As part of the conference, we collaborated with the University's Manchester Museum to provide delegates with the opportunity to participate in one of three expert-led workshops that look at artefacts from collections based in the Museum.

Each workshop allowed participants to approach different kinds of images in a different setting, whilst also serving to bridge some of the broader themes of the conference, including aesthetics, anthropology, art, and society. The workshops were tailored for theologians, but touched upon religious traditions beyond SST's primary focus on Christianity. A brief overview of each workshop is provided below.

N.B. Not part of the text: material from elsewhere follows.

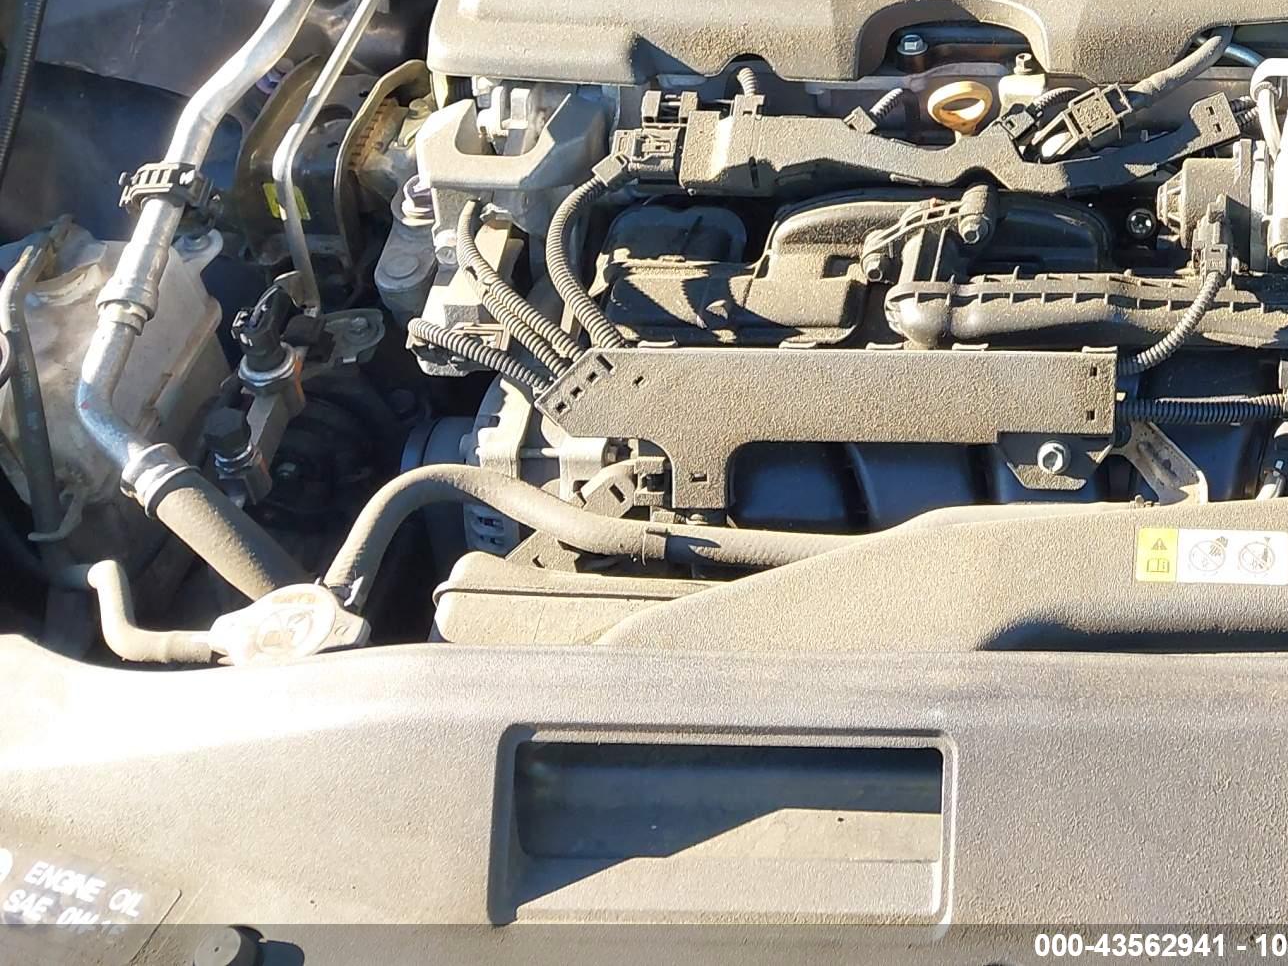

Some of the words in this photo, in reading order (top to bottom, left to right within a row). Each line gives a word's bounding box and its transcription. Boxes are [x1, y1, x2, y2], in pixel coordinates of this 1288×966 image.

Session 1, 'Egyptology' (with Dr. Campbell Price)
Friday 9th January, 15:15-16:45

The Manchester Museum holds around 18,000 objects from ancient Egypt and Sudan, one of the most important collections in the UK. Objects illustrate the Egyptian desire to render divine beings as anthropomorphic animals, changes in traditional Pharaonic iconography of deities in the Roman Period, images as active substitutes of the deceased, deliberately damaged images that affect the survival of the deceased in the afterlife, and modern receptions of the Egyptian image.

Campbell Price is Curator of Egypt and Sudan at Manchester Museum. He received his BA, MA and PhD in Egyptology from the University of Liverpool, where he is an Honorary Research Fellow. His research interests include the forms and functions of ancient Egyptian sculpture, and their modern reception.

Read more about Egyptology at the Manchester Museum via the dedicated blog.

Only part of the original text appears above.